The index of executive and consumer confidence rose to 105.6 for the outgoing month compared to the final reading of 104.1 for August, according to European Commission data. Economic confidence in the common currency area has surpassed its June 2011 level it was at just before the debt crisis unraveled across the bloc.
The data indicates the negligible impact of global headwinds to the European economy. Even though mainland China and major commodity-producing nations are struggling amidst the overproduction crisis, consumption in advanced nations is accelerating – mainly due to persisting low prices. Weak inflation, however, is a concern for the Eurozone as cheap energy and raw materials hold down the core prices index, thus slowing the broader growth.
The European monetary authorities are thus far taking the global headwinds more seriously as the ECB recently downgraded its growth and inflation outlook through to September 2017. The accommodative asset-purchasing policies have been intact for half a year already, and are expected to wrap up in September 2016. The results of the ECB work are so far very encouraging, but global uncertainty still lingers. The Eurozone is exposed to risks in many emerging markets through their links in international trade, while the Transatlantic Trade and Investment Partnership (TTIP) with the US is yet to be finalized.
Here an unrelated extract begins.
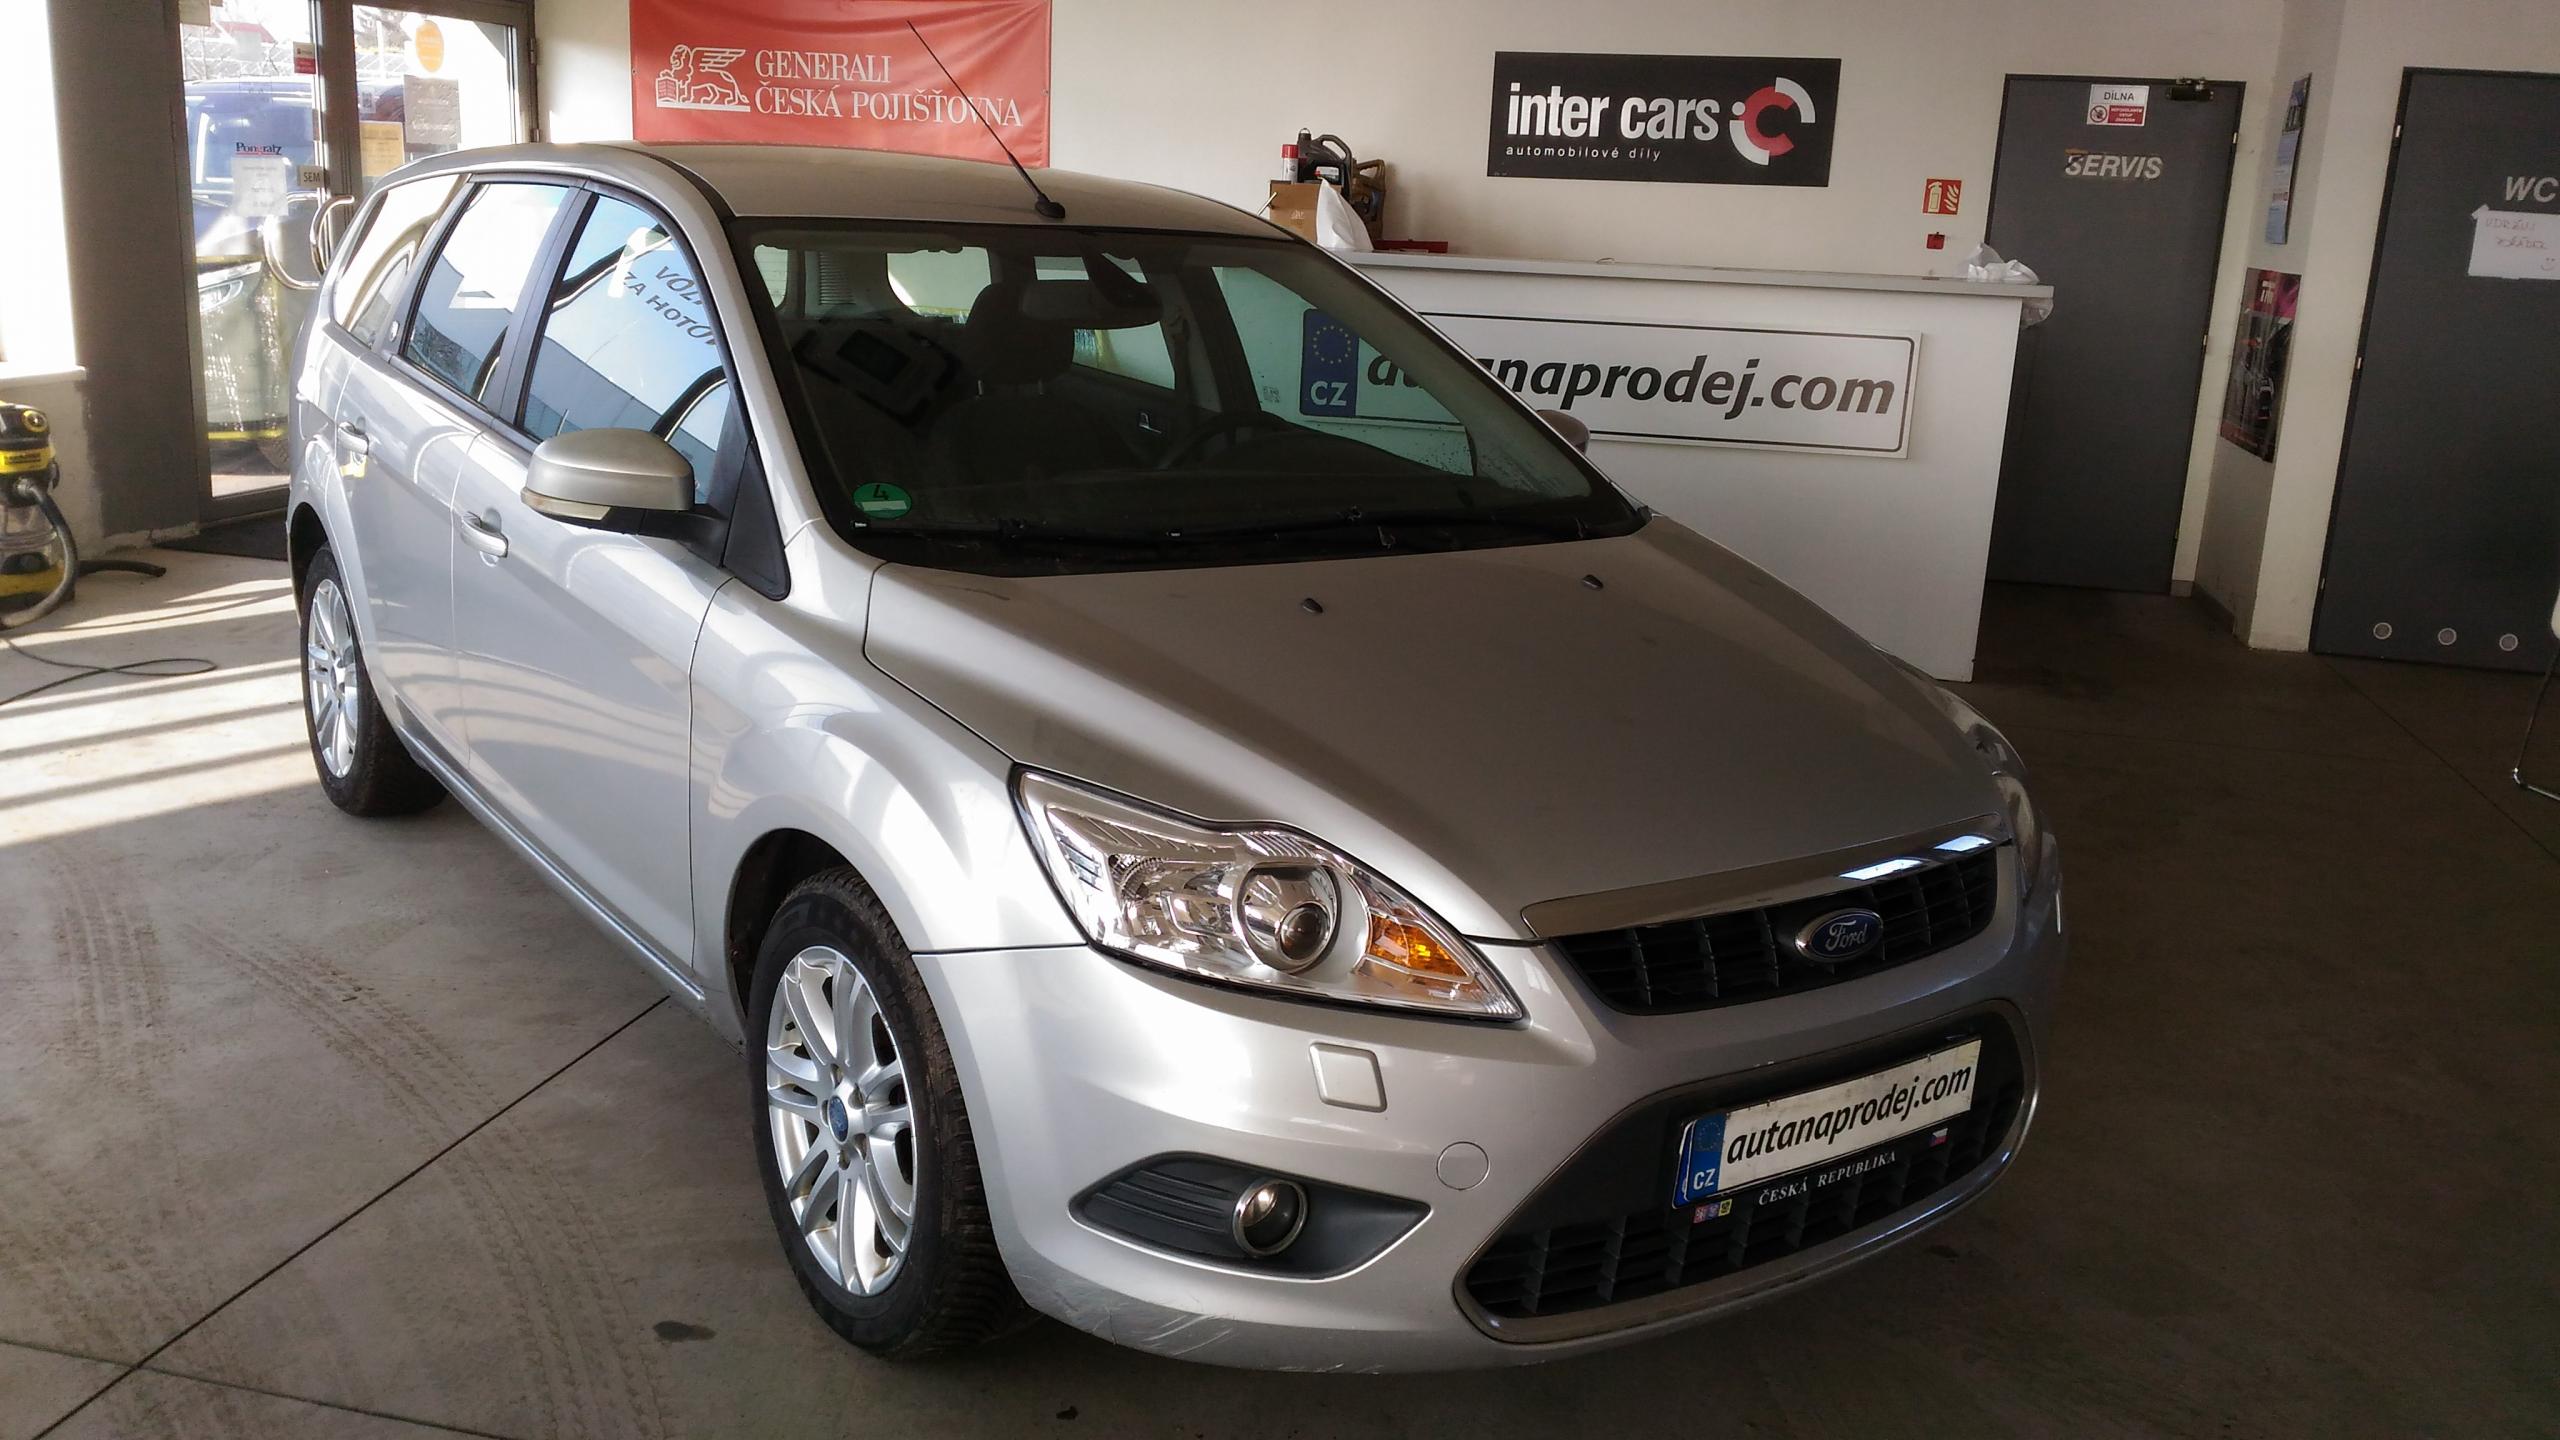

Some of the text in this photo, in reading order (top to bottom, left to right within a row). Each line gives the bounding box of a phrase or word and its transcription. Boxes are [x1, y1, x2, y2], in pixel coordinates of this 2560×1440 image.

According to the Eurocommission, industrial sentiment improved from —3.7 to —2.2 amidst the increasing factory output. The Eurozone’s services sector confidence rose from 10.1 to 12.4 as consumer demand is accelerating and prices are low.
Meanwhile, Germany stopped bond issuance for the second time this year amidst economic optimism and a significant trade surplus, even though the nation plans to spend some $7.5 bln to help 1 mln asylum seekers.
Most macro indicators are favourable for Germany at the moment, allowing it to easily lead and determine the direction of growth in the entire Eurozone. German interest rates are low, unemployment is at a historic low leaving the labour market starved of employees, whilst tax revenues surpassed earlier projections.
The time has come for Germany to reduce its debt burden. Berlin paid off 1.1% of its federal debt to the current 1.3 trln euros in the second quarter. Debts of all government agencies in Germany stand at 2 trln euros, some 0.9% below last year's level.
With the Eurozone’s economy gaining further momentum and millions of refugees projected to join the bloc’s workforce, there is more optimism in medium-tern projections for Brussels. Overseas spillovers might only impact the bloc’s inflation, limiting growth outlook, and affect the structure of the Eurozone’s international trade, bringing the overproduction crisis to Europe.